Records for the exercise Block Start
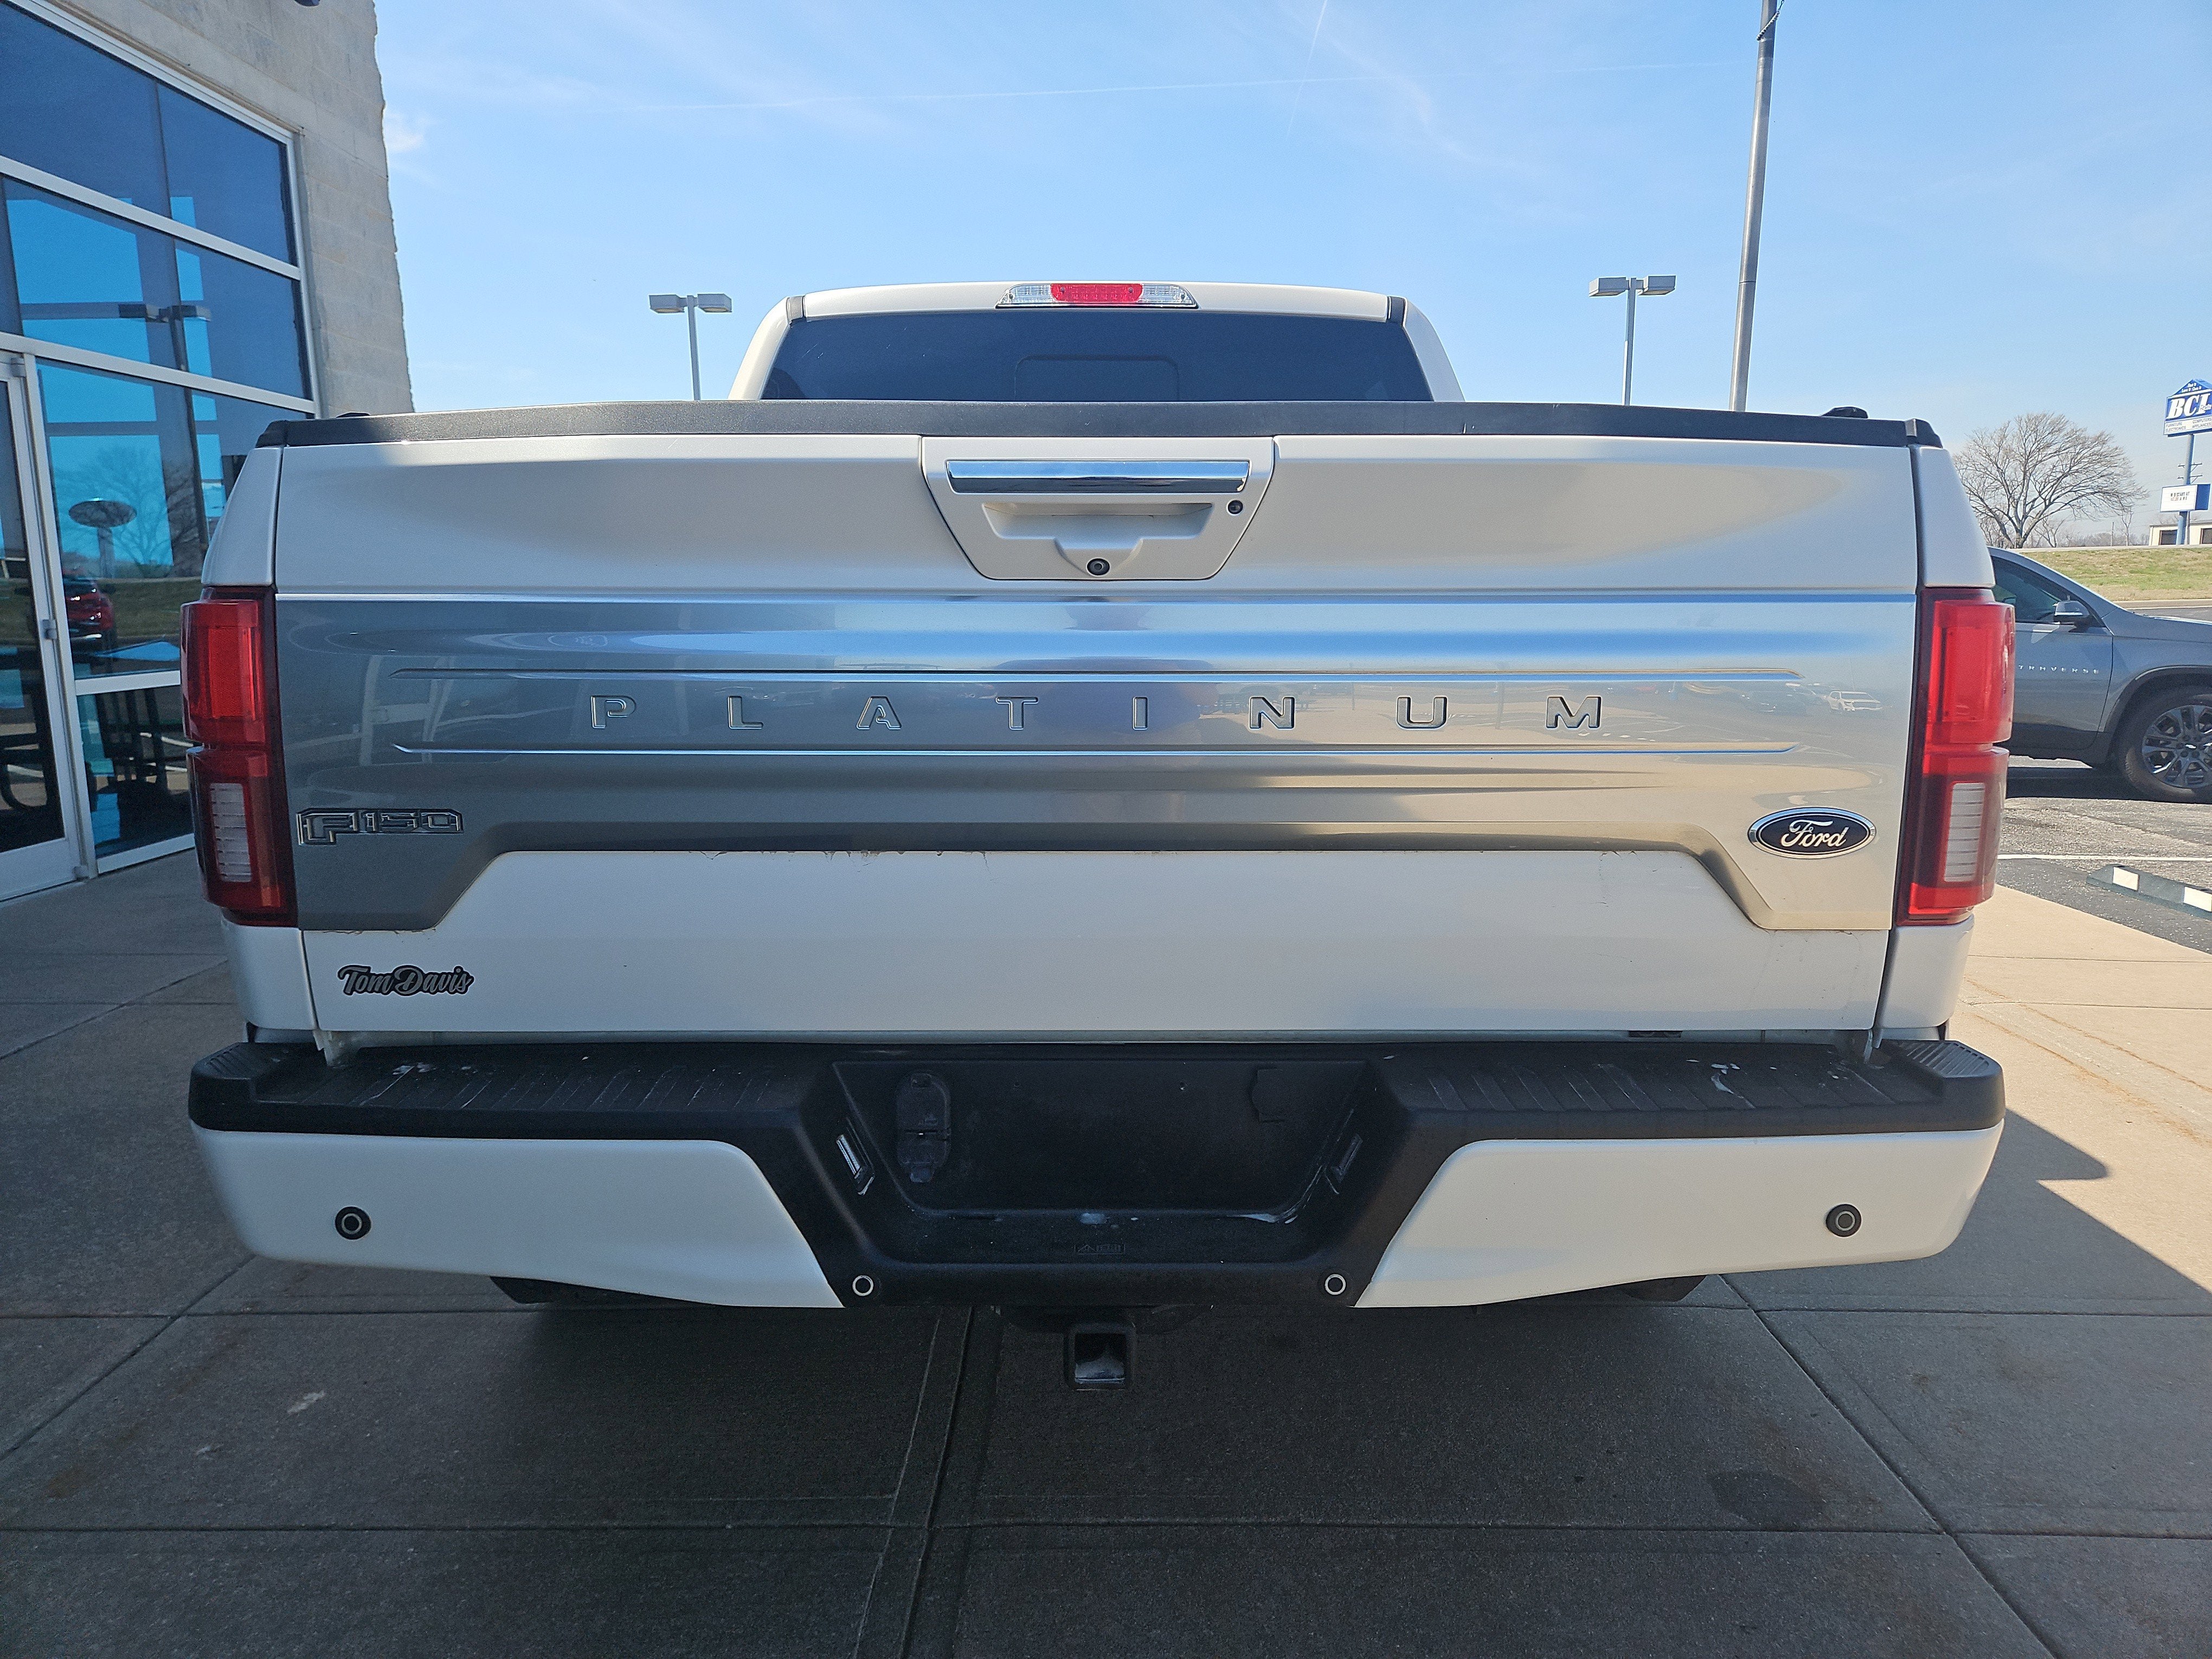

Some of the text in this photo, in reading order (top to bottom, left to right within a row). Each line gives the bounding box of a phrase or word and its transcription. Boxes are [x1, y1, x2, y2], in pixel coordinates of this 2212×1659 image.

[2018, 665, 2099, 674] TRAVERSE
[590, 695, 1602, 730] PLATINUM
[1780, 819, 1849, 847] Ford
[337, 964, 474, 996] Tom Davis
Records for the exercise Block End
Task objective →
Every line of the data should be transcribed exactly. Omit the images.

Exercise result →
Some of the text in this photo, in reading order (top to bottom, left to right within a row). Each line gives the bounding box of a phrase or word and its transcription. Boxes are [x1, y1, x2, y2], in pixel coordinates of this 2212×1659 image.

[2018, 665, 2099, 674] TRAVERSE
[590, 695, 1602, 730] PLATINUM
[1780, 819, 1849, 847] Ford
[337, 964, 474, 996] Tom Davis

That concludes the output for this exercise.